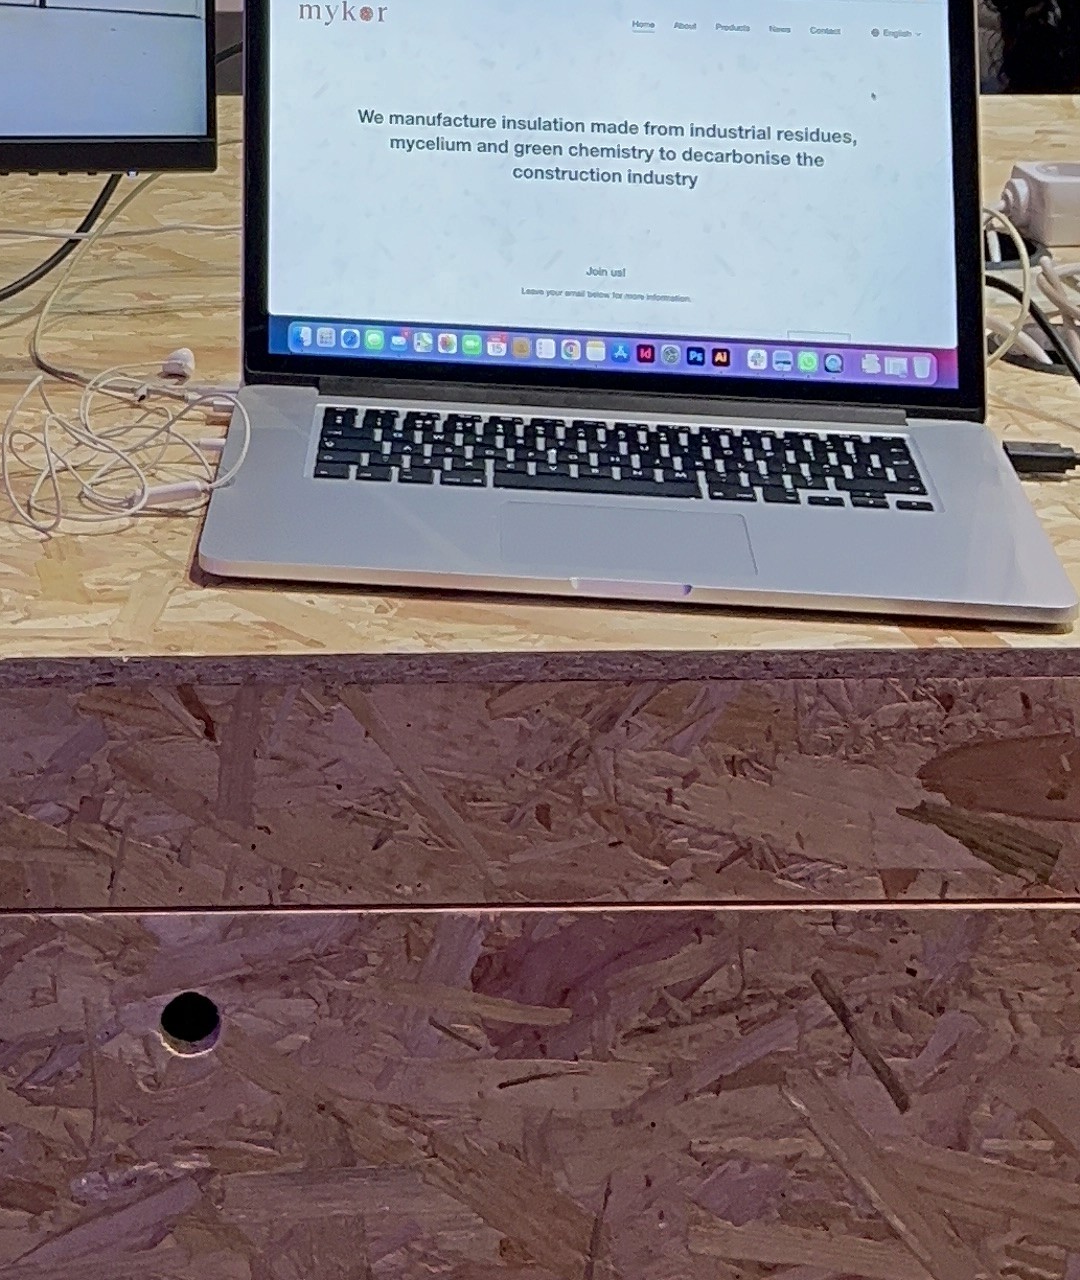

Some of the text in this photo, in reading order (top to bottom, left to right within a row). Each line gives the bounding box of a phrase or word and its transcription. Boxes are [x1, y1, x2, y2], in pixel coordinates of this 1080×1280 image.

[300, 1, 387, 26] mykor
[632, 20, 655, 29] Home
[358, 109, 857, 146] We manufacture insulation made from industrial residues,
[390, 136, 825, 167] mycelium and green chemistry to decarbonise the
[513, 167, 698, 189] construction industry
[586, 267, 626, 277] Join us!
[546, 289, 562, 297] your
[689, 350, 702, 362] Ps

★ ★ ★ ★

TRY IT
Nothing but the pictures should be left out when the listing above is transcribed.

OUTPUT FOR THIS EXERCISE
Some of the text in this photo, in reading order (top to bottom, left to right within a row). Each line gives the bounding box of a phrase or word and its transcription. Boxes are [x1, y1, x2, y2], in pixel coordinates of this 1080×1280 image.

[300, 1, 387, 26] mykor
[632, 20, 655, 29] Home
[358, 109, 857, 146] We manufacture insulation made from industrial residues,
[390, 136, 825, 167] mycelium and green chemistry to decarbonise the
[513, 167, 698, 189] construction industry
[586, 267, 626, 277] Join us!
[546, 289, 562, 297] your
[689, 350, 702, 362] Ps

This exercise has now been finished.